*** Available data
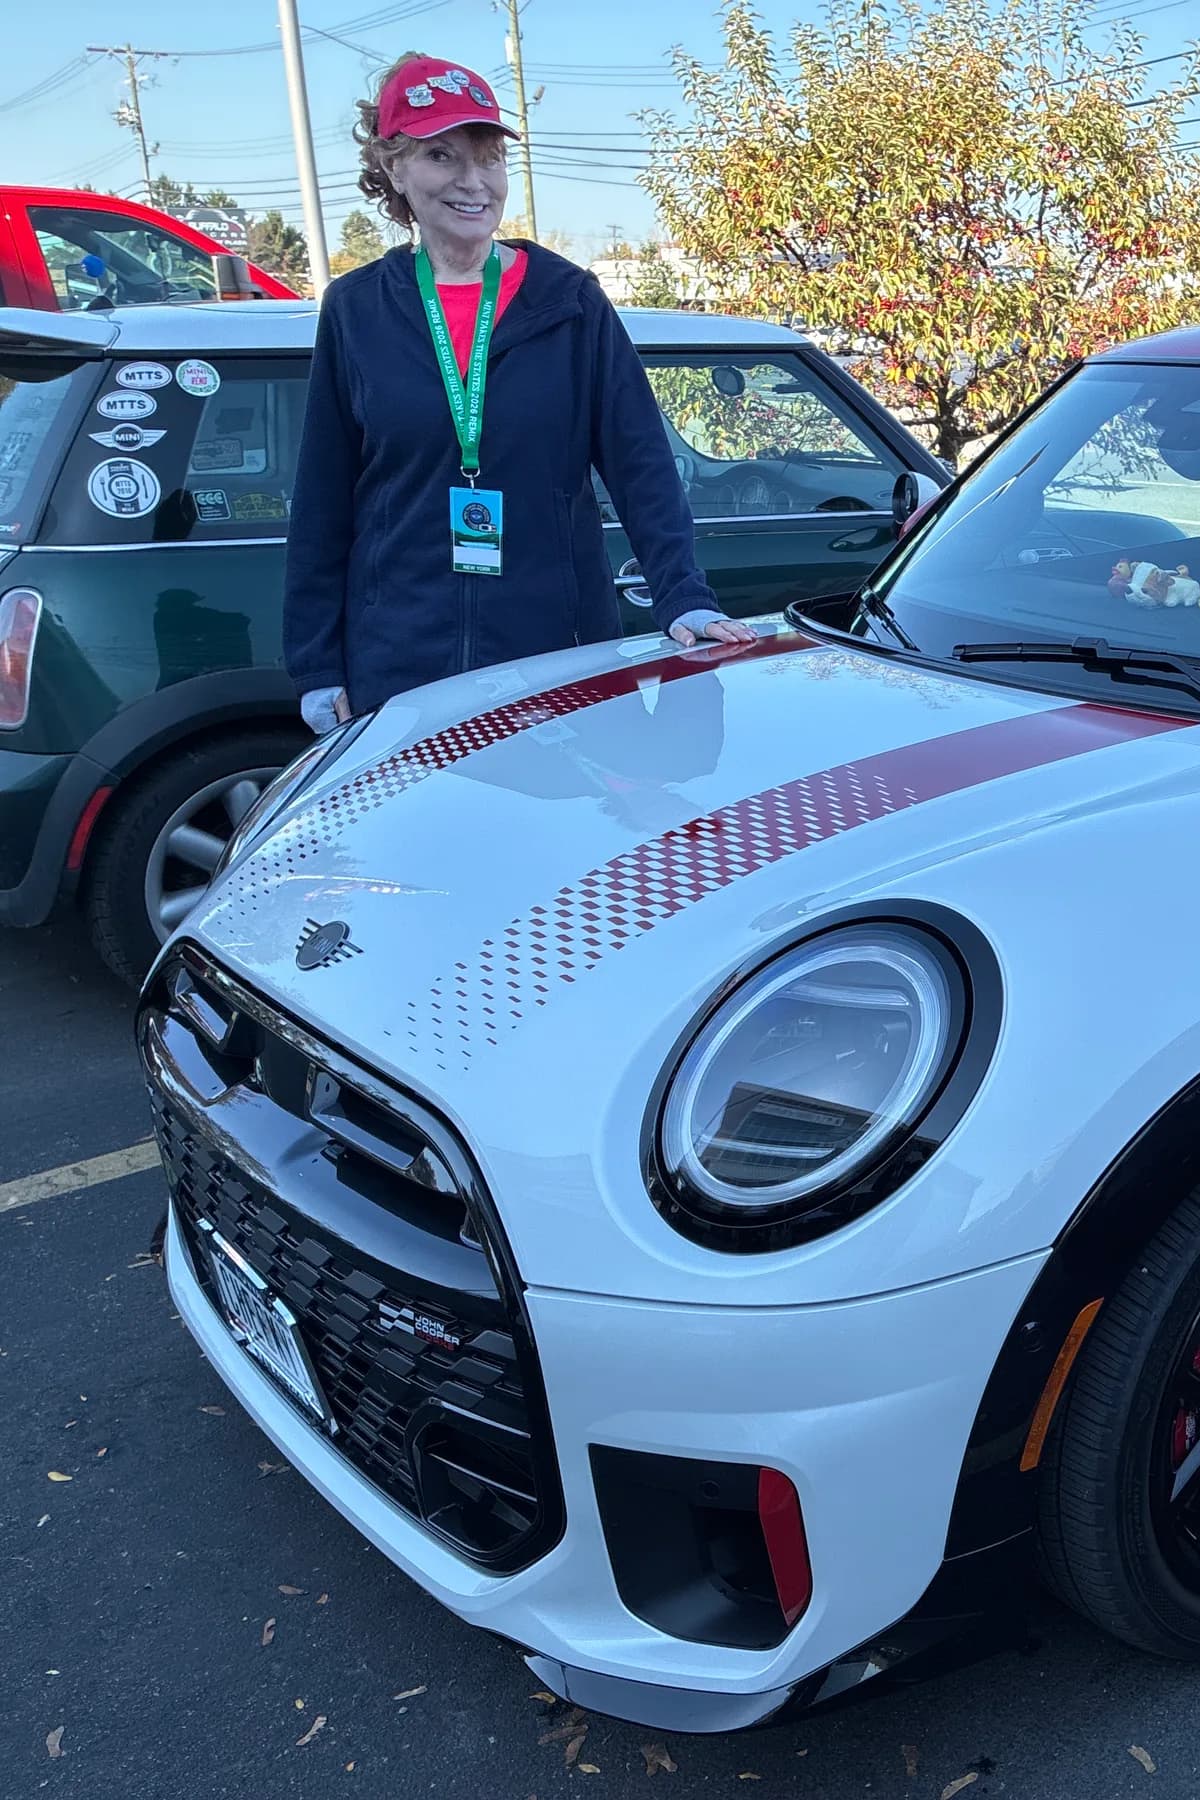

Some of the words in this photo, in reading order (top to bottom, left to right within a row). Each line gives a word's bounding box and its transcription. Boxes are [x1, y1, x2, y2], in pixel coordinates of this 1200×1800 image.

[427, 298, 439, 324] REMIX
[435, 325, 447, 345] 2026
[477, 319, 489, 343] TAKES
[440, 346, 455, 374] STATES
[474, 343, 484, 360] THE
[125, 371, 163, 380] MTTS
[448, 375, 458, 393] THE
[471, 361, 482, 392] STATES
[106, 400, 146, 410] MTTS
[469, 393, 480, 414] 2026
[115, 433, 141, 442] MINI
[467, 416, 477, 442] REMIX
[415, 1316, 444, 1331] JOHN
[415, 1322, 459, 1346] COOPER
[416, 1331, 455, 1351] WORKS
******
- **Work to be completed**:
Repeat the listing above word for word and leave its images out.

- **Expected answer**:
Some of the words in this photo, in reading order (top to bottom, left to right within a row). Each line gives a word's bounding box and its transcription. Boxes are [x1, y1, x2, y2], in pixel coordinates of this 1200×1800 image.

[427, 298, 439, 324] REMIX
[435, 325, 447, 345] 2026
[477, 319, 489, 343] TAKES
[440, 346, 455, 374] STATES
[474, 343, 484, 360] THE
[125, 371, 163, 380] MTTS
[448, 375, 458, 393] THE
[471, 361, 482, 392] STATES
[106, 400, 146, 410] MTTS
[469, 393, 480, 414] 2026
[115, 433, 141, 442] MINI
[467, 416, 477, 442] REMIX
[415, 1316, 444, 1331] JOHN
[415, 1322, 459, 1346] COOPER
[416, 1331, 455, 1351] WORKS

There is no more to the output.